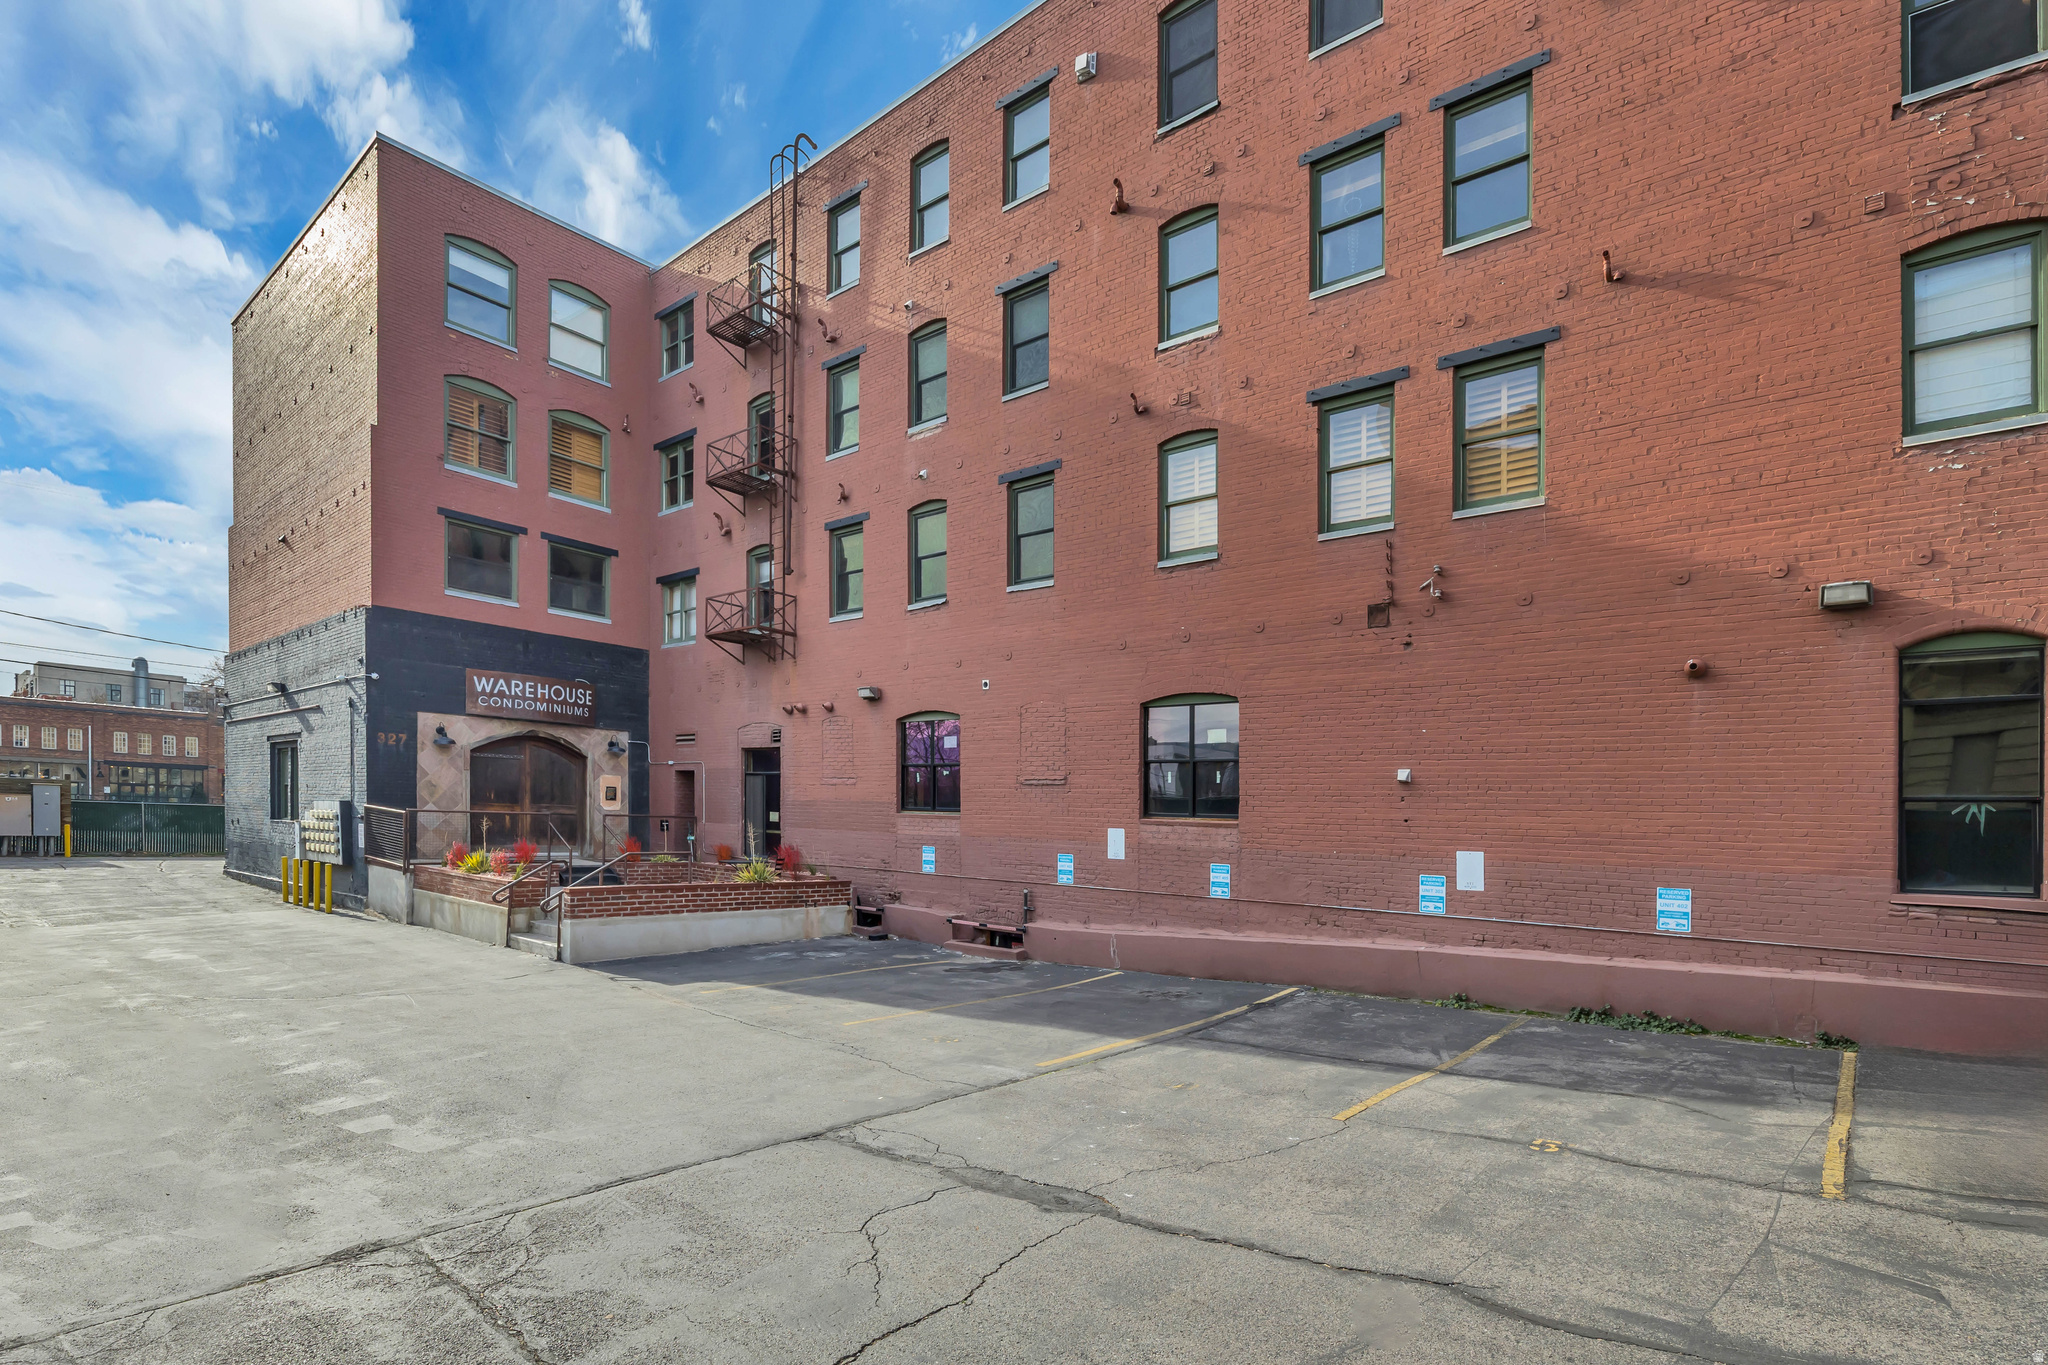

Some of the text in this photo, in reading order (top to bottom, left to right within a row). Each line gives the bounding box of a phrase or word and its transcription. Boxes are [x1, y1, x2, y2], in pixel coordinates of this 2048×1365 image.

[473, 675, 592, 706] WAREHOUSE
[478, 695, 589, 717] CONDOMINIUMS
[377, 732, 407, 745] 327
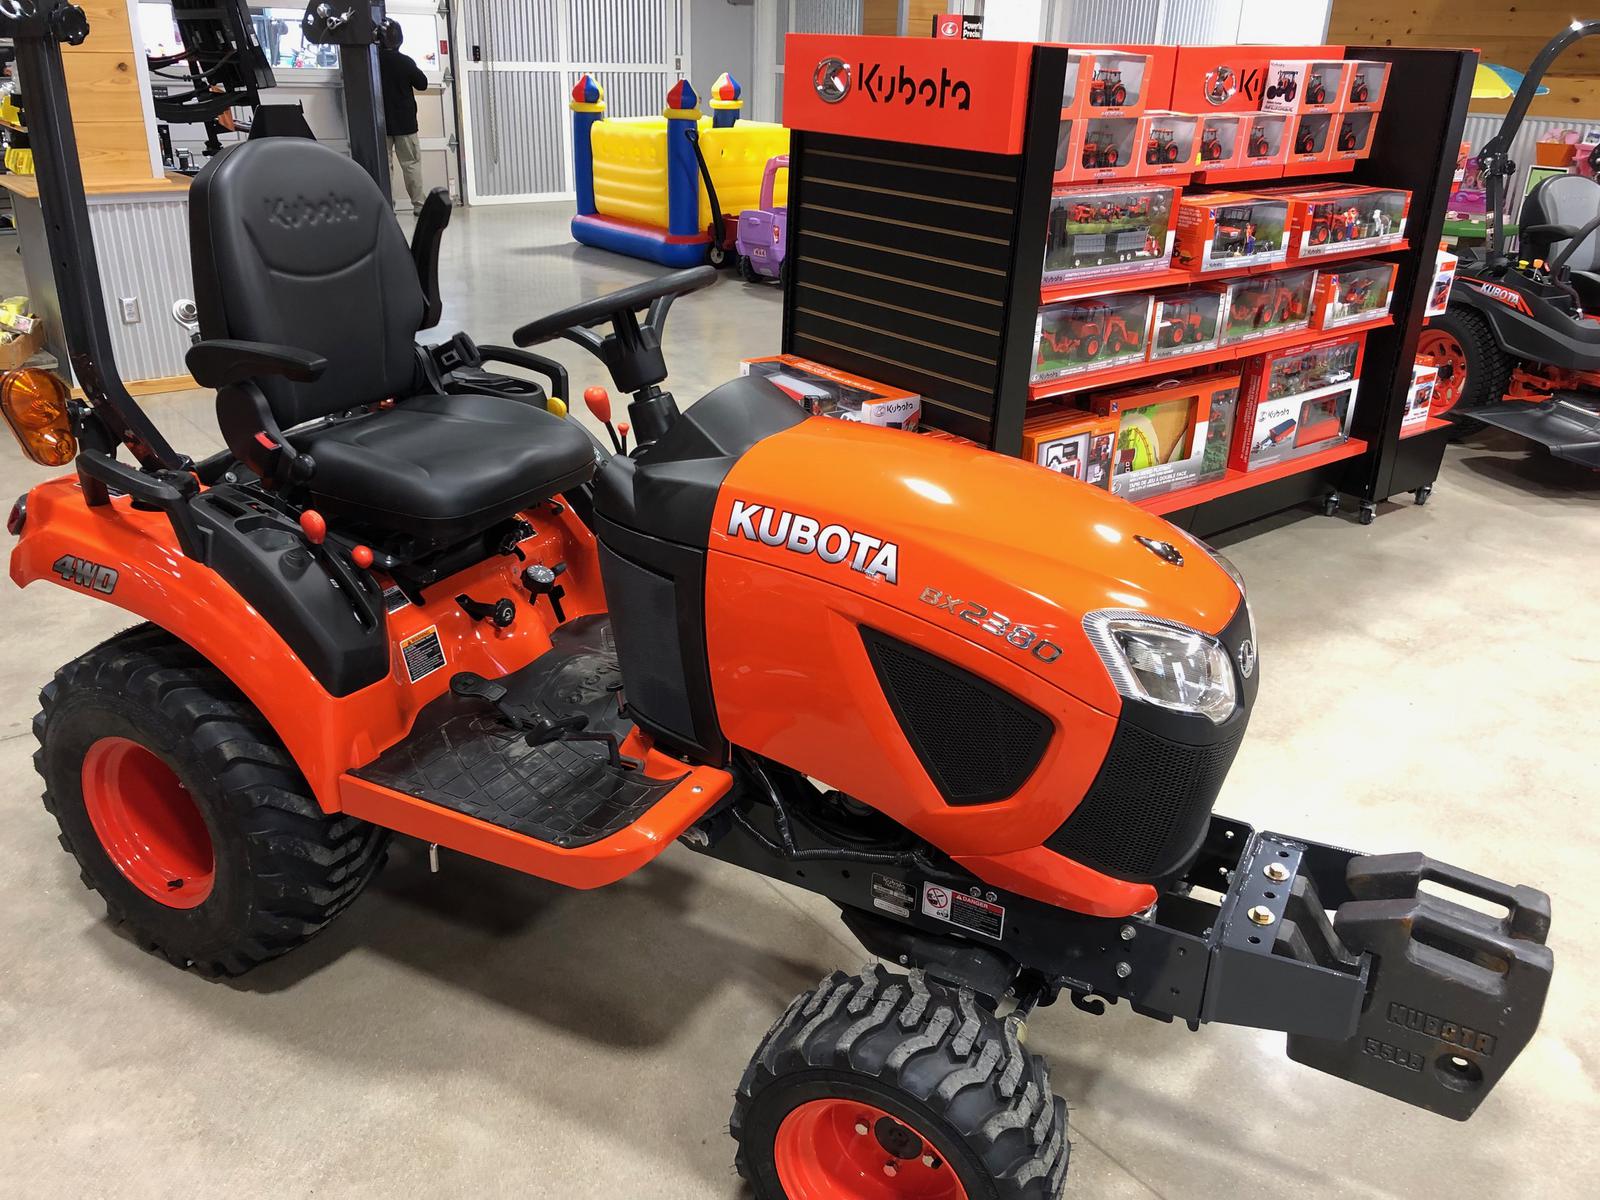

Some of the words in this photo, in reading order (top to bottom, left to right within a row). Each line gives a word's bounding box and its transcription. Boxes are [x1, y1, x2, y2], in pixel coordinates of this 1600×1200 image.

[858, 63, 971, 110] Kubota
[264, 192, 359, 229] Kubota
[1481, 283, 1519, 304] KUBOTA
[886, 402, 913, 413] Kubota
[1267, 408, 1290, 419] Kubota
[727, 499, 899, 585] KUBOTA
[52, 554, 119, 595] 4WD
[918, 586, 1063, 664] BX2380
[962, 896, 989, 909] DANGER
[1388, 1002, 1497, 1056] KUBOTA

[What you are asked to do]
Each line from the one containing "Some of the words" through the end of the entries, both included, is to be returned exactly, with no other lines.

[Answer to the problem]
Some of the words in this photo, in reading order (top to bottom, left to right within a row). Each line gives a word's bounding box and its transcription. Boxes are [x1, y1, x2, y2], in pixel coordinates of this 1600×1200 image.

[858, 63, 971, 110] Kubota
[264, 192, 359, 229] Kubota
[1481, 283, 1519, 304] KUBOTA
[886, 402, 913, 413] Kubota
[1267, 408, 1290, 419] Kubota
[727, 499, 899, 585] KUBOTA
[52, 554, 119, 595] 4WD
[918, 586, 1063, 664] BX2380
[962, 896, 989, 909] DANGER
[1388, 1002, 1497, 1056] KUBOTA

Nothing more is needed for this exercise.